Friday, Sep. 08, 1967
A Plague on Both Your Houses
Congress recessed last week for its own ten-day version of the Labor Day weekend, its direction so uncertain, its temper so fractious that few would be so bold as to forecast its final record.
While the House could barely muster enough members to pass its own recess resolution, the Senate was in full session, with members of two committees thumbing their noses respectively at their colleagues in the House and their leader in the White House.
In its gesture toward the House, the Senate Appropriations Committee gave President Johnson a much needed legislative victory. Not only did it give him more than double (to $537 million) the sum that the House had reluctantly voted for the model-cities program; it also approved his $40 million request for rent subsidies, which had been killed in tow by the House. Though both measures must still be approved by the full Senate, there is a good chance that both will emerge intact for a fifty-fifty compromise with the House.
"I Don't Care." The Senate Labor Committee, on the other hand, rebuked the Administration by implication for its phlegmatic reaction to the urban crisis. Giving Johnson far more than he had asked, it added $200 million to his request for the war on poverty (for a total $2.26 billion), initiated an entirely new two-year, $2.5 billion program, similar to one proposed by the Urban Coalition, to provide jobs for 200,000 slum dwellers, and authorized $300 million for small businesses hurt by riots.
Though the program has little chance of passage in the House--even if it gets through the full Senate--it was nonetheless a considerable embarrassment to the President, who would dearly like to appear as the champion of the cities, yet faces a $29 billion budget deficit that inhibits him from proposing any new and costly reforms that might strike at the heart of the urban malaise.

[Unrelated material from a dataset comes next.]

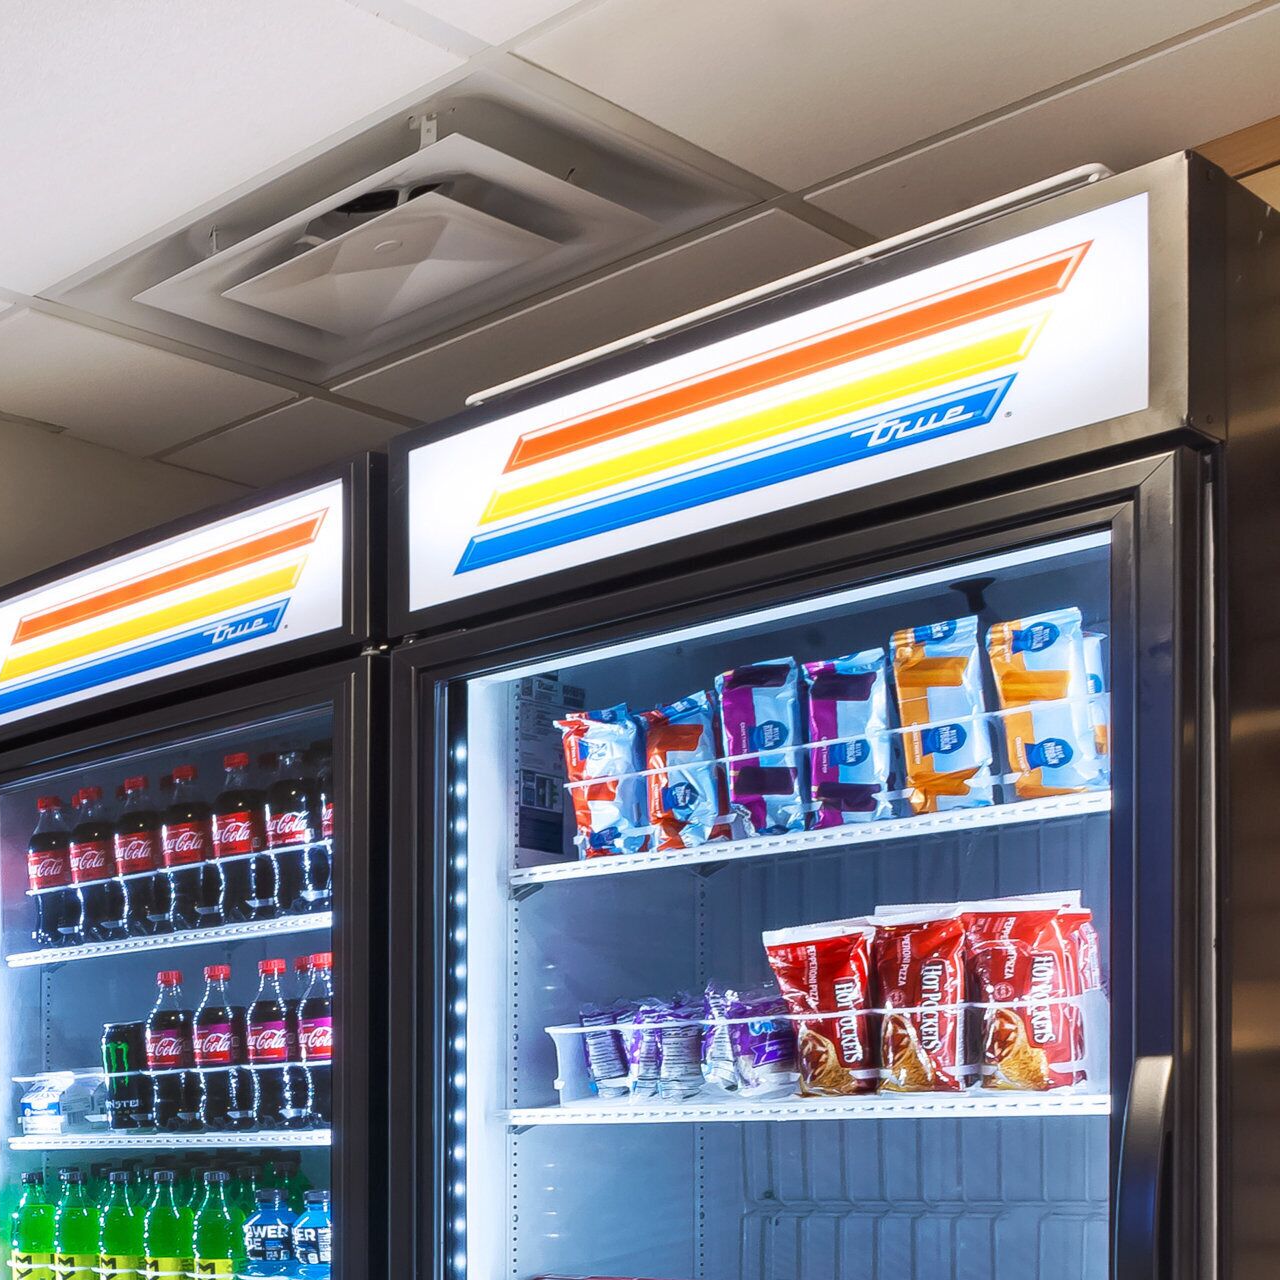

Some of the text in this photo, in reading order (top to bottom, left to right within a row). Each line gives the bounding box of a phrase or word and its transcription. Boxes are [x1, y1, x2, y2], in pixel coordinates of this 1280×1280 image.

The majority of the Labor Committee was not concerned with the President's feelings. "I don't care," said New York's Republican Jacob Javits. "It's time that at least one congressional committee stood up to the President and let him know that it can see what is needed in the cities and has the guts to go ahead and propose it." Nor is the mood of frustrated independence likely to change after the recess is over. "We not only don't know the answers ourselves," said one Republican Senator, "but we are completely convinced that nobody else knows them either--particularly the Administration."